WS2812B PCB Art Badge

Turning an SVG logo into a custom and functional PCB with 16 RGB LEDs, an ATTiny45 MCU and USB power from an SVG logo.

Badge Attempt 1

A while ago I discovered the svg2shenzhen plugin for Inkscape. It allows you to draw components in Inkscape and then output them to a KiCAD component or project. I've been searching for a small project to try it out for a while and finally settled on a simple Hacker Badge-style PCB with the logo of the Dachboden collective. I didn't just want a bare PCB, but also some functionality, and I do have a strange addiction to projects involving WS2812B RGB LEDs. They are individually controllable, dirt-cheap and even though they have an obscure command protocol, they are well-supported on pretty much any micrcontroller out there, thanks to a large community of fans.

Without further ado, here's the result first:

Project schematics, PCB layout and code are available on Github

The Plan

I originally thought about making the outline of the logo the board outline but was afraid that the thin contour of the hat could break, bend or get stuck on things too easily. Instead I made the board a circle with the logo in the middle. I planned on having the board produced by JLCPCB because of their absurdly low prices, which fixed the maximum size at 10cm x 10cm. My idea was to add LEDs around the eyes and have them do some colorful effects. Normal WS2812Bs come in a 5050 form factor, which would haven been way to clunky for the relatively fine details of the badge. Luckily, the WS2812B is also produced in a much smaller 2020 form factor - just right to fit 8 of them around the eyes.

I thought about adding a LiPo battery for the badge to be self-contained but ultimately decided against it because:

For the MCU, I settled on an Attiny45 because it's relatively cheap, runs on 5V, requires almost no external components and has sufficient power to output a few patterns on 2812B LEDs. Also, I had USBtinyISP laying around and a complete Makefile at hand from using it in another project.

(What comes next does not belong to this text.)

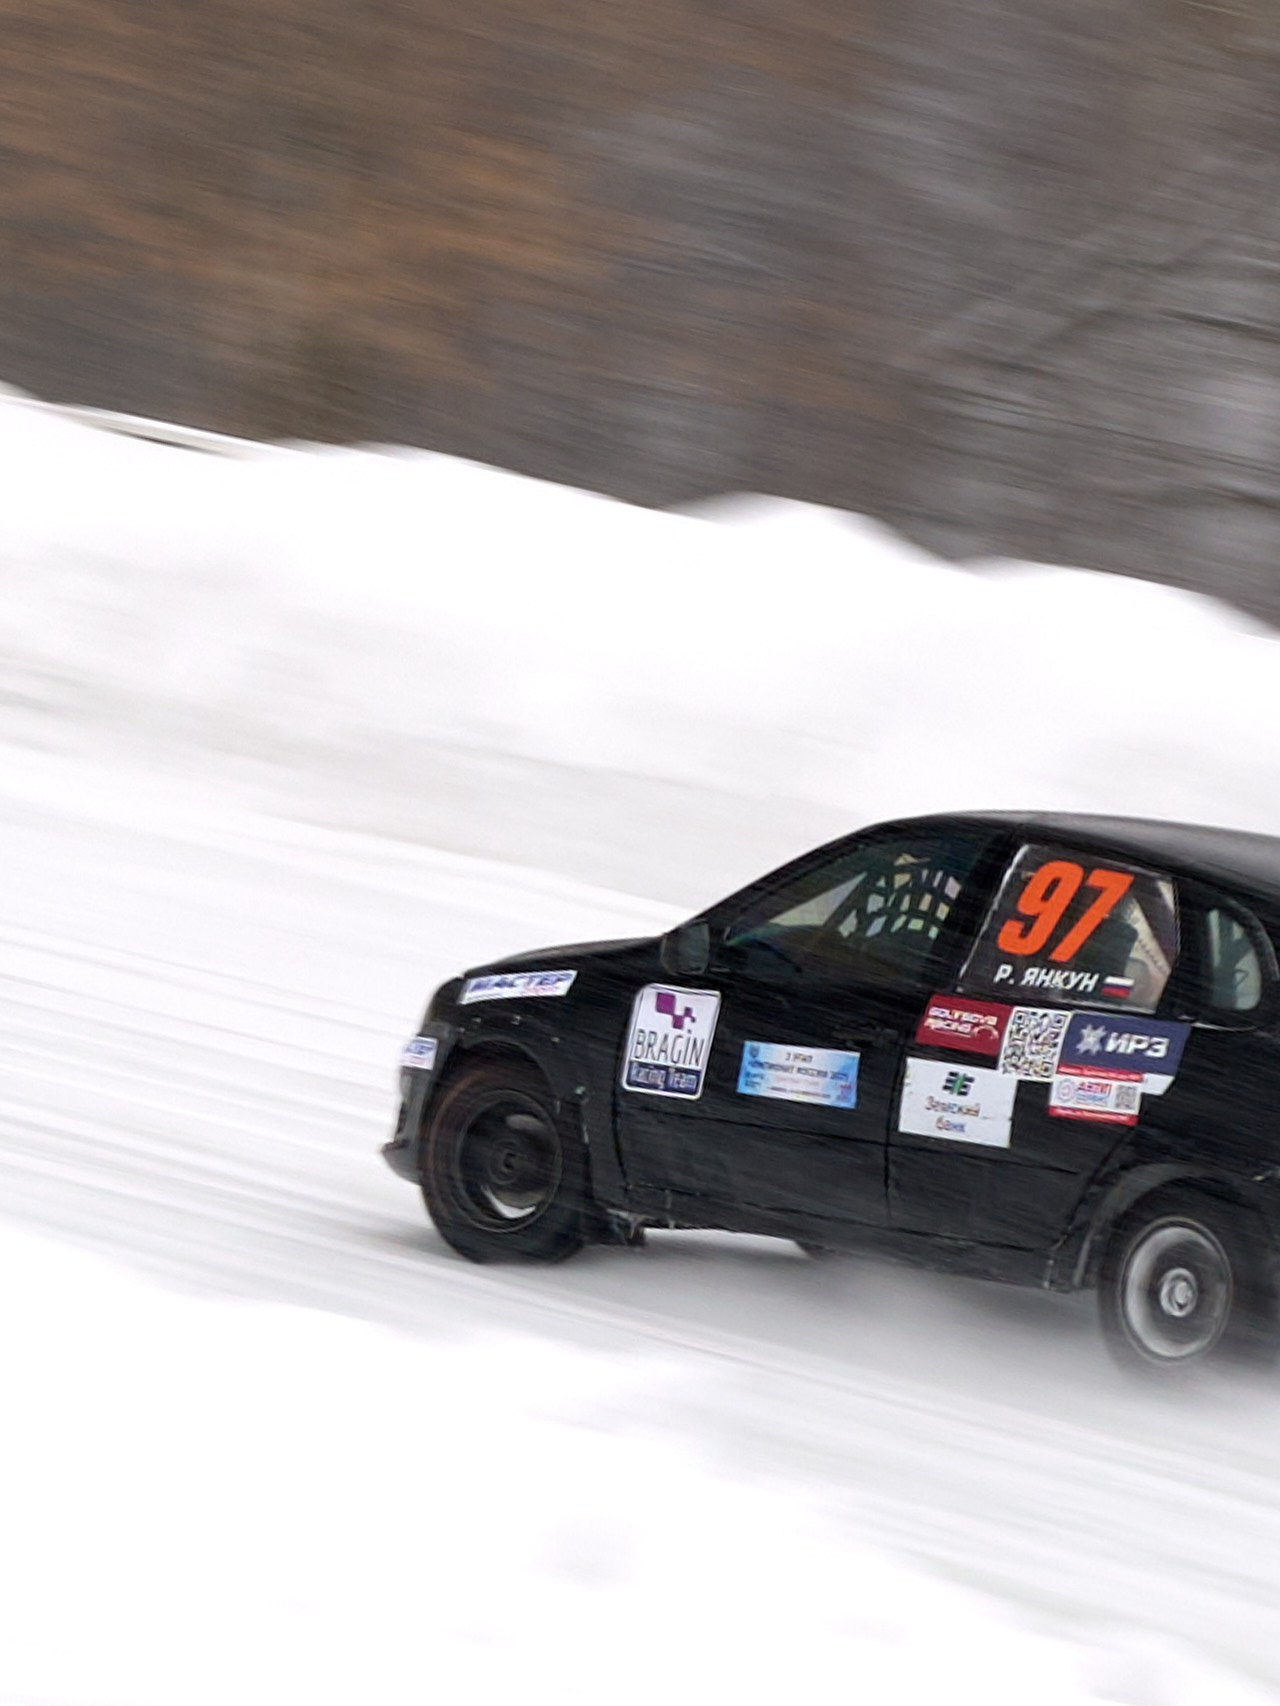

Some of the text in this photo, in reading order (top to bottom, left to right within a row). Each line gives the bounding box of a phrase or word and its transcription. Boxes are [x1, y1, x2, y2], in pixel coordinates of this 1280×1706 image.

[997, 860, 1135, 962] 97
[993, 964, 1099, 993] Р. ЯНКУН
[1105, 1031, 1170, 1059] ИРЗ

Attempt No. 1: Routing in Inkscape

I initially tried to lay out the entire front side of the PCB by hand in Inkscape. I really liked the organic, rounded shapes of traces seen on other PCB art badges and wanted to go for a similar look. Unsurprisingly, even routing a relatively regular pattern in Inkscape turned out to be quite tedious. Nevertheless, after a while, I had something that I was quite happy with. Because the LEDs and capacitors on the front side were routed outside of KiCAD, I also could not add them to the Schematic and BOM and had to create a dummy schematic symbol that only had two connections for each eye. Badge Attempt 1

After having the design manufactured, it turned out that there was a short between the GND and 5V rails, somewhere in the right eye. I never fully figured out where it came from, but I assume that I missed some clearance requirement during the manual routing. The first iteration also had a few other issues, namely that I messed up both the footprint of the USB connector and the MCU (which is quite amazing, because besides the LEDs and a few SMD resistors and capacitors, those are the only components on the board...). The intricate, curved traces were also buried under the black soldermask and barely visible anyway, so for the second iteration, I decided to make my life a lot easier and do all routing inside of KiCAD. The

Attempt No. 2: Routing in KiCAD

In comparison, this was a breeze: I only exported the logo on the silk screen layer and the outline on the front copper layer from Inkscape and imported them as a symbol in KiCAD.

Badge Attempt 2 - Inkscape layers

I then placed and routed the LEDs along with all other components in KiCAD. This meant that all my traces automatically had the proper clearance and got DRC-checked. In the first iteration, JLCPCB had put their lot number right on the front of the PCB which also didn't look great. For the second iteration, I found out that they offer an option to place the number manually. Even though the article doesn't explicitly mention it, some googling revealed, that you can even place it on the backside of the PCB, which worked just fine for me!

Badge Attempt 2 - KiCAD


To be able to easily program the badge, the ISP connector is broken out as test points on the backside of the PCB. For the initial development, I simply soldered a flat cable onto these points for a permanent connection.

For quickly programming several badges, I 3d-printed two spacers that hold 6 pogo pins apart at the correct distances and glued the whole thing together using hot glue.

Programming Jig

Manual Programming


The firmware is fairly simple: Mainly just a few functions that draw different patterns using hard-coded timing values. To control the WS2812B LEDs, I use the light_ws2812 library which is minimal enough to work on the attiny45. For some randomness, an LFSR is used.